╭─ GIVEN RECORDS

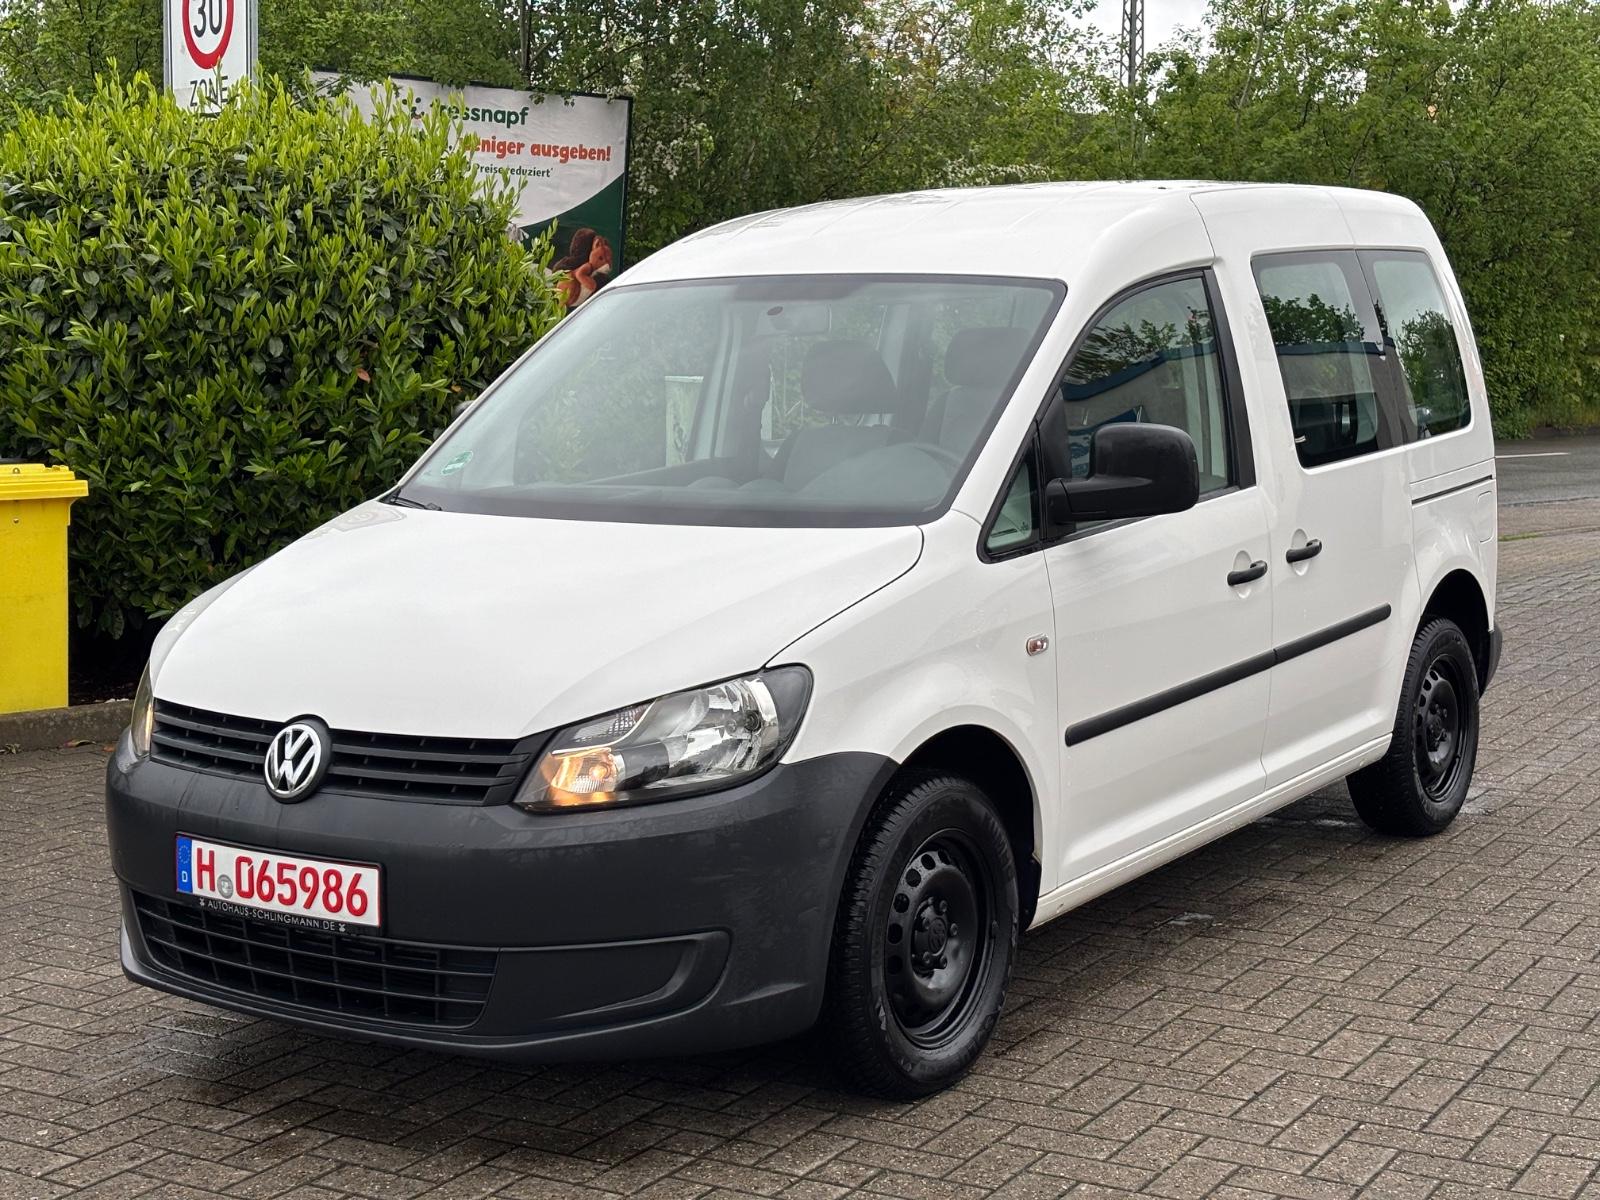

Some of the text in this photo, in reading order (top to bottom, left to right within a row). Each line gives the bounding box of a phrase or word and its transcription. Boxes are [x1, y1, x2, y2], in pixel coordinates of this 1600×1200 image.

[193, 0, 223, 38] 30
[189, 75, 229, 108] ZONE
[429, 100, 530, 129] ressnapf
[460, 135, 612, 164] niger ausgeben!
[505, 166, 554, 178] eduziert
[181, 870, 188, 883] D
[196, 847, 216, 892] H
[235, 855, 369, 917] 065986

╰─

### TASK PROMPT
Retype all the records shown above, character for character. Omit every picture.

### ANSWER TO THIS TASK
Some of the text in this photo, in reading order (top to bottom, left to right within a row). Each line gives the bounding box of a phrase or word and its transcription. Boxes are [x1, y1, x2, y2], in pixel coordinates of this 1600×1200 image.

[193, 0, 223, 38] 30
[189, 75, 229, 108] ZONE
[429, 100, 530, 129] ressnapf
[460, 135, 612, 164] niger ausgeben!
[505, 166, 554, 178] eduziert
[181, 870, 188, 883] D
[196, 847, 216, 892] H
[235, 855, 369, 917] 065986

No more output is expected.